Print every line below without adding or leaving out a single word.

======== DATA LISTING

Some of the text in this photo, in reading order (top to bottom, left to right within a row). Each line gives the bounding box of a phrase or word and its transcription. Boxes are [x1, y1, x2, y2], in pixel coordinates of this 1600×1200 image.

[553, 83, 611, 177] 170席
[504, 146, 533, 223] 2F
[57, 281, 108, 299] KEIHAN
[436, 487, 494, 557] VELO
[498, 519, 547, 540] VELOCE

================

> [YOUR RESPONSE]:
Some of the text in this photo, in reading order (top to bottom, left to right within a row). Each line gives the bounding box of a phrase or word and its transcription. Boxes are [x1, y1, x2, y2], in pixel coordinates of this 1600×1200 image.

[553, 83, 611, 177] 170席
[504, 146, 533, 223] 2F
[57, 281, 108, 299] KEIHAN
[436, 487, 494, 557] VELO
[498, 519, 547, 540] VELOCE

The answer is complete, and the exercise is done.